------ Study material
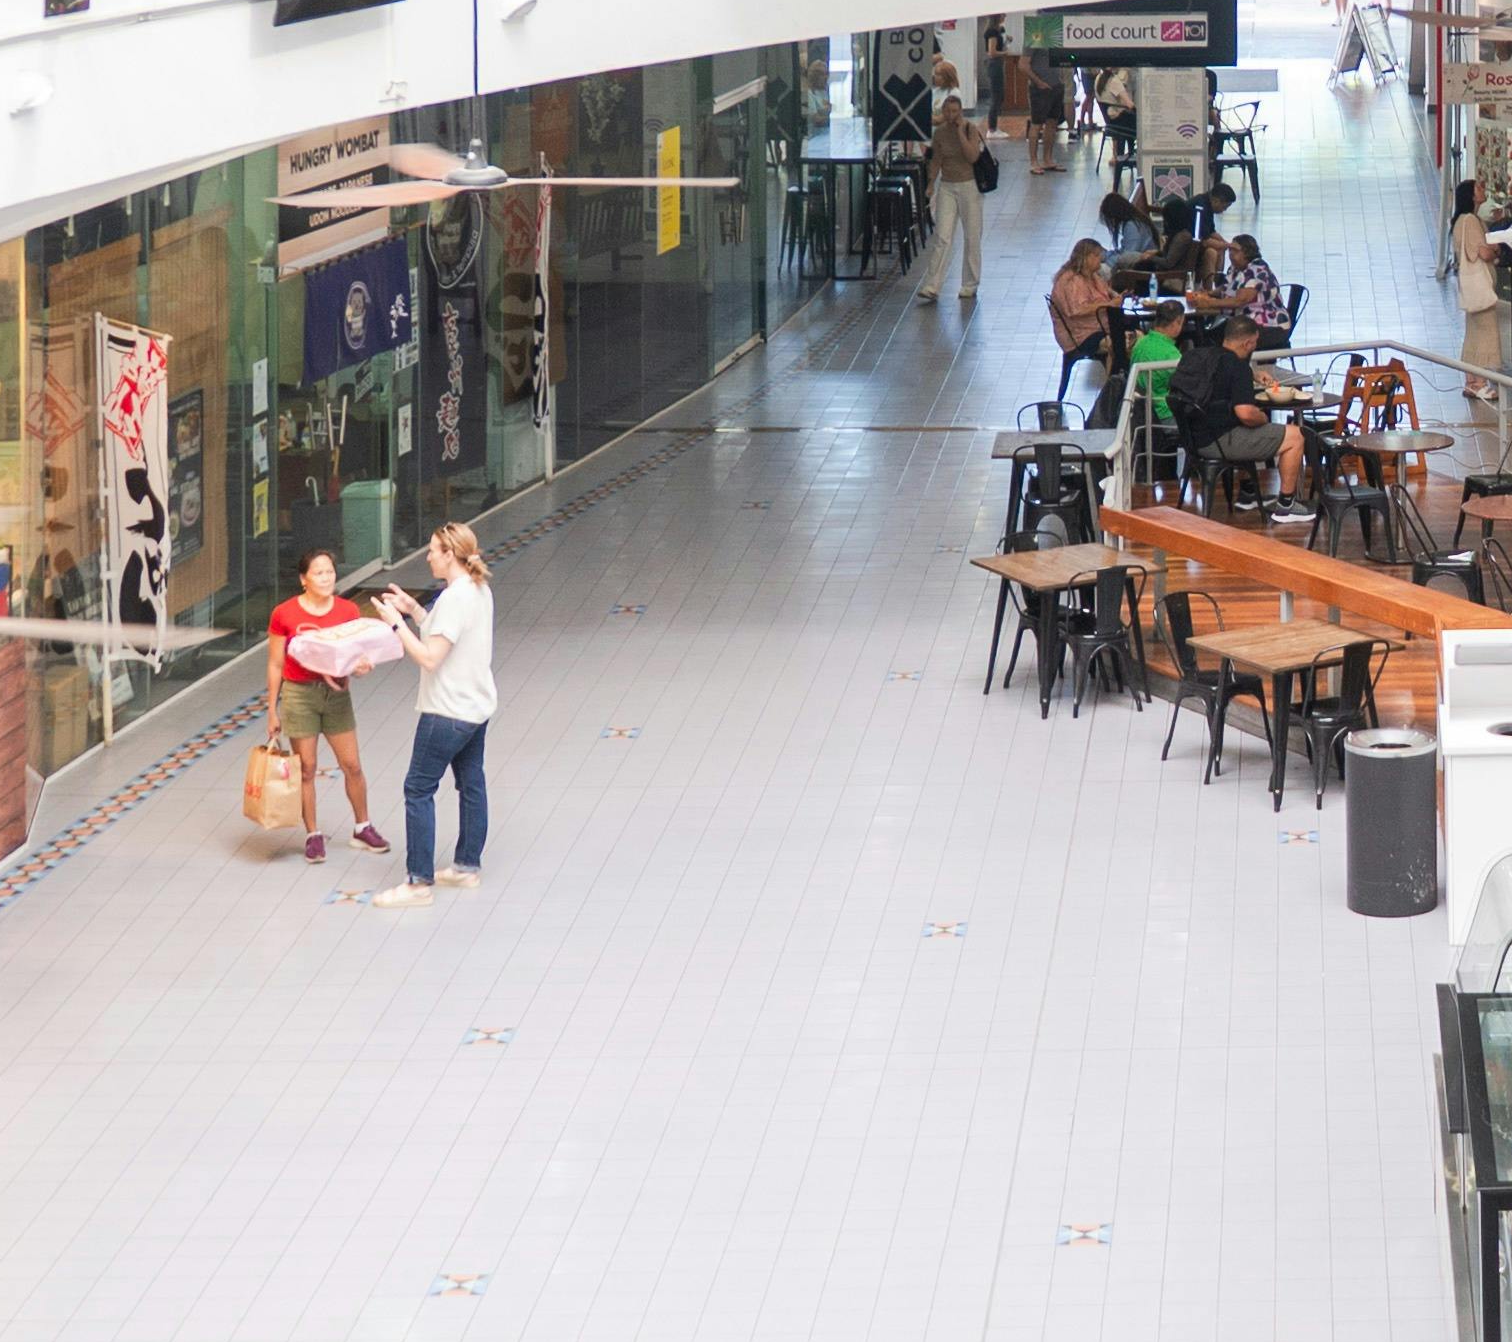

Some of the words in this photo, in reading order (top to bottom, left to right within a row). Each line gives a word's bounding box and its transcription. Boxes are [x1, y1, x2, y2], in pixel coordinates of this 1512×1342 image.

[1065, 22, 1105, 41] food
[1111, 24, 1157, 41] court
[289, 143, 334, 175] HUNGRY
[335, 129, 380, 159] WOMBAT
[308, 210, 330, 228] UDON
------------
Work instructions: Please print each of the records word for word, keeping the pictures out.

Exercise answer:
Some of the words in this photo, in reading order (top to bottom, left to right within a row). Each line gives a word's bounding box and its transcription. Boxes are [x1, y1, x2, y2], in pixel coordinates of this 1512×1342 image.

[1065, 22, 1105, 41] food
[1111, 24, 1157, 41] court
[289, 143, 334, 175] HUNGRY
[335, 129, 380, 159] WOMBAT
[308, 210, 330, 228] UDON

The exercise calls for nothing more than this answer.